Equipamentos foram localizados em três bairros da capital durante uma ofensiva voltada ao combate à atuação de facções; número de dispositivos retirados em 2026 chega a 95
A Polícia Militar intensificou o combate ao uso de sistemas de monitoramento instalados de forma irregular por grupos criminosos em Salvador. Durante novas ações da Operação Olhos Fechados, realizada em parceria com a Secretaria da Segurança Pública (SSP), sete câmeras clandestinas foram localizadas e retiradas de circulação.
Os equipamentos estavam distribuídos pelos bairros de Plataforma, Garcia e 2 de Julho. Segundo a PM, os dispositivos eram utilizados para acompanhar a movimentação de moradores e identificar a presença de agentes de segurança nas áreas sob influência de criminosos.
A operação foi conduzida por equipes do Comando de Policiamento Regional Baía de Todos os Santos (CPR-BTS). Com a nova retirada, a unidade chegou à marca de 95 câmeras ilegais removidas em Salvador somente em 2026.
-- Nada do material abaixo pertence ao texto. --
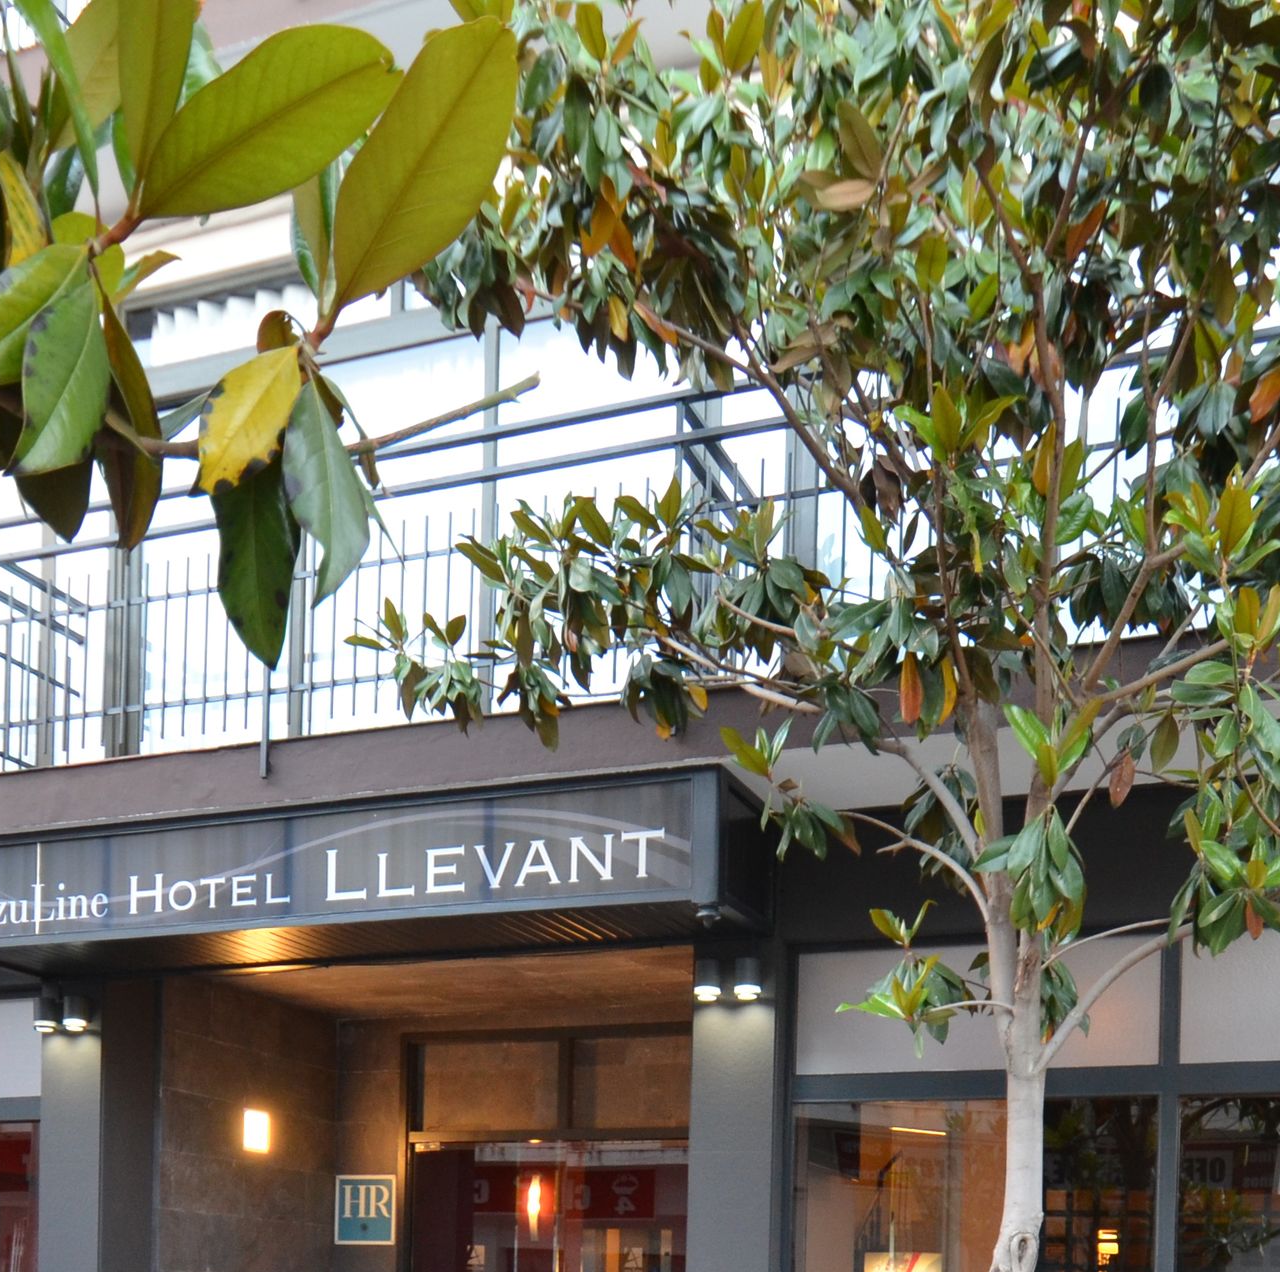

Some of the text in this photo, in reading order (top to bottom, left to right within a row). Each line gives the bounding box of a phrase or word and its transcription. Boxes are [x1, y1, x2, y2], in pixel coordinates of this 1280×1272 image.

A ofensiva integra o conjunto de medidas adotadas pelas forças de segurança para enfraquecer a estrutura de organizações criminosas. O trabalho segue a metodologia do Policiamento Orientado pela Inteligência (POI), que utiliza levantamento de informações e análise de dados para definir os locais e as estratégias das ações.
O comandante do CPR-BTS, coronel Leão, afirmou que a fiscalização deverá ser ampliada para impedir que grupos criminosos instalem equipamentos de vigilância em diferentes regiões da Bahia.
Segundo o oficial, a Polícia Militar seguirá atuando para identificar e retirar estruturas que possam favorecer a atividade de facções. A corporação considera o monitoramento clandestino uma ferramenta utilizada pelos criminosos para antecipar a chegada das forças de segurança e controlar a circulação nas comunidades.